'''
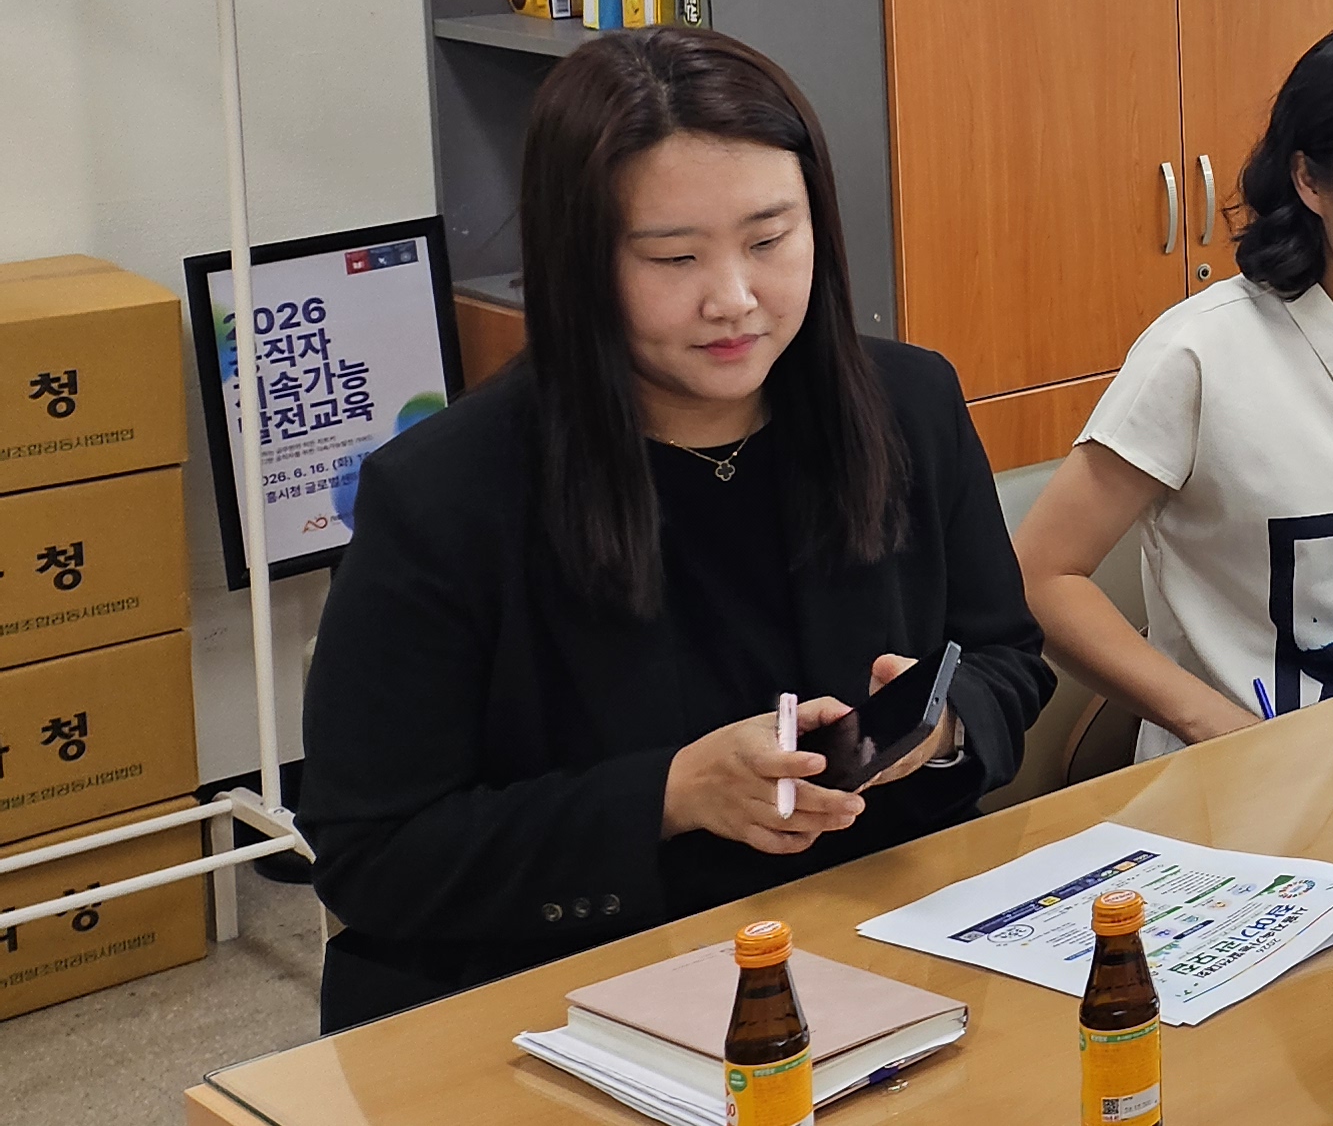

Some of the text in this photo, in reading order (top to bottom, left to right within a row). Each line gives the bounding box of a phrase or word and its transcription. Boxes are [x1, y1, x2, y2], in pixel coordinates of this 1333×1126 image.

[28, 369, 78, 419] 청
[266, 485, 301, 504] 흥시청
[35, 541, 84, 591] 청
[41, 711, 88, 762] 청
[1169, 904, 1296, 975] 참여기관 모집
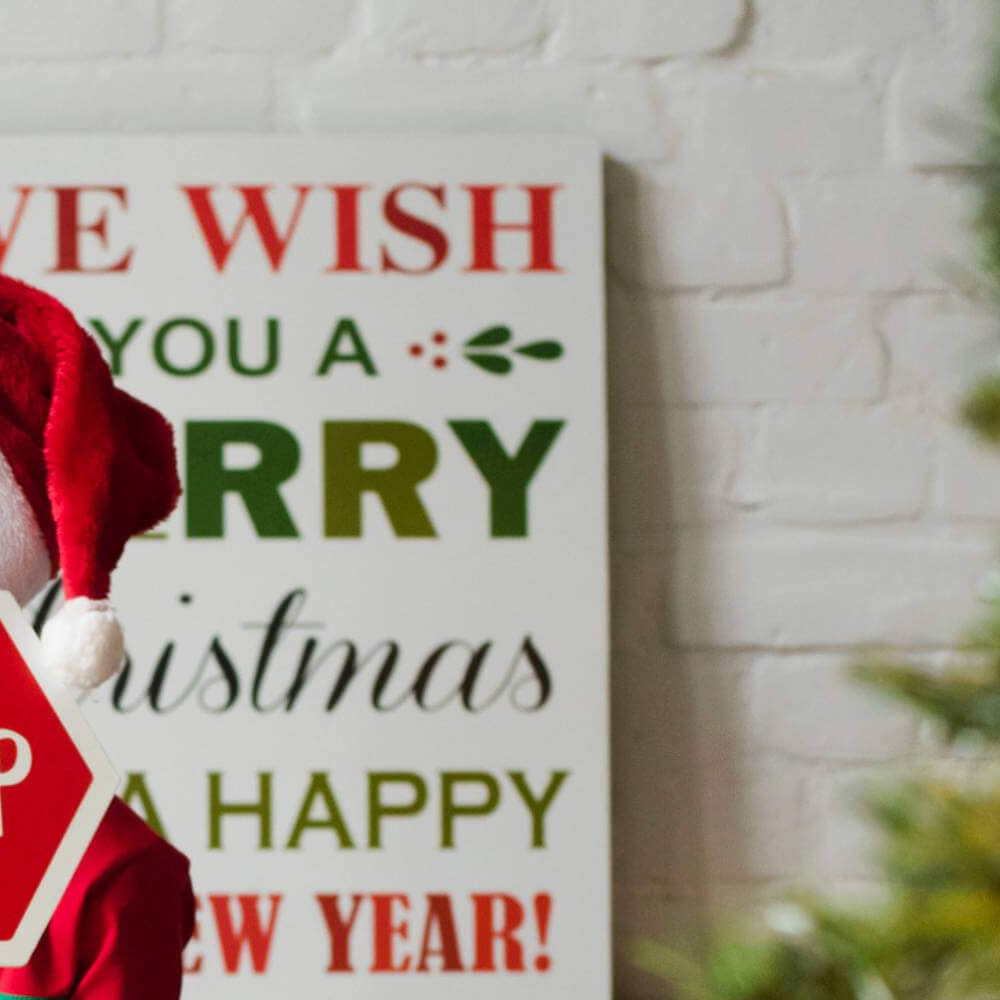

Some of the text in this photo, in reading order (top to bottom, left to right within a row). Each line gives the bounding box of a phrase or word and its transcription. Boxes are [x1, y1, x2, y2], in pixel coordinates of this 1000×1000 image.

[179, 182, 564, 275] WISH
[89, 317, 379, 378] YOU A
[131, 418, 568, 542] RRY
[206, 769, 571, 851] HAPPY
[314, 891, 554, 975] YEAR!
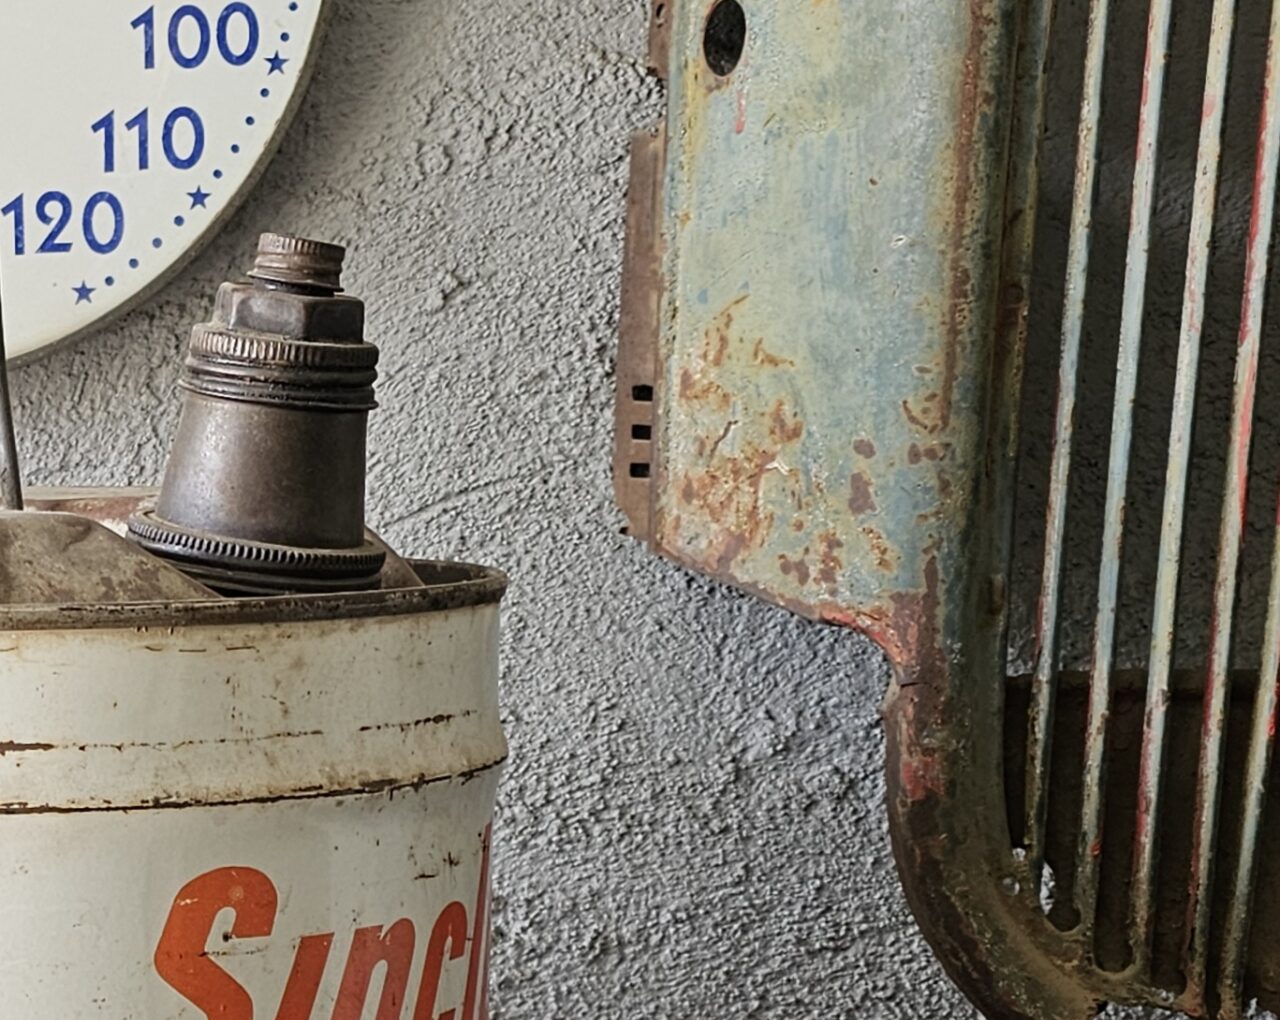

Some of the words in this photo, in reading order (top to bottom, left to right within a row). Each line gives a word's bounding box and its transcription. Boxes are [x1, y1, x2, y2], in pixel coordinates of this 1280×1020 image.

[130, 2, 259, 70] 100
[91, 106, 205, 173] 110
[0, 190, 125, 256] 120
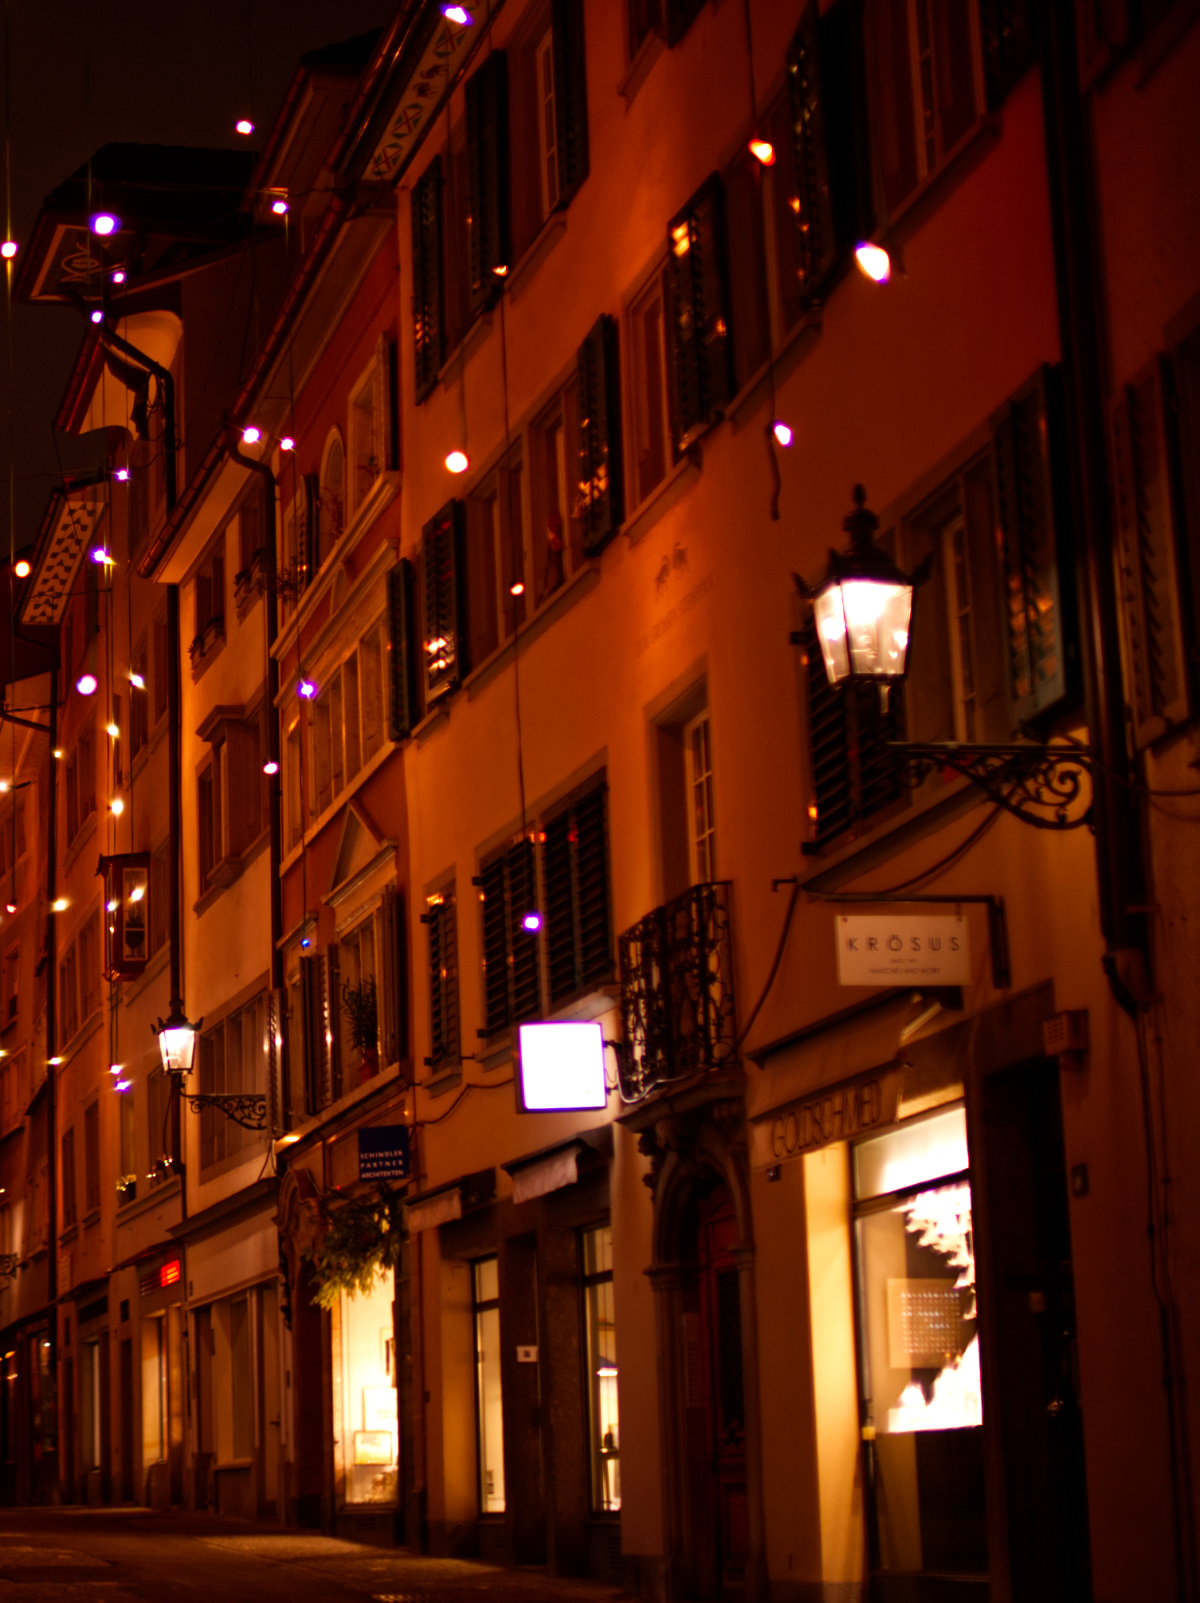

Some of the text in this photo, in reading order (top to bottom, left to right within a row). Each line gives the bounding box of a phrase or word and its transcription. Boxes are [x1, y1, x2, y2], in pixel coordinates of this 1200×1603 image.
'''
Task item. Copying starts at the line containing "this 1000×1000 image." and ends at the last line of the material above; repeat only those lines exactly and omit the pictures.

Answer for this exercise.
Some of the text in this photo, in reading order (top to bottom, left to right within a row). Each line gives the bounding box of a phrase or word and its transcription. Boxes are [x1, y1, x2, y2], in pixel coordinates of this 1000×1000 image.

[179, 182, 564, 275] WISH
[89, 317, 379, 378] YOU A
[131, 418, 568, 542] RRY
[206, 769, 571, 851] HAPPY
[314, 891, 554, 975] YEAR!

Some of the words in this photo, in reading order (top to bottom, left to right within a row). Each line gives a word's bounding box and its transcription. Boxes are [x1, y1, x2, y2], in pixel coordinates of this 1280×1020 image.

[130, 2, 259, 70] 100
[91, 106, 205, 173] 110
[0, 190, 125, 256] 120

Some of the text in this photo, in reading order (top to bottom, left to right within a row). Each line gives the bounding box of a phrase or word and its transcription. Boxes are [x1, y1, x2, y2], in pixel coordinates of this 1200×1603 image.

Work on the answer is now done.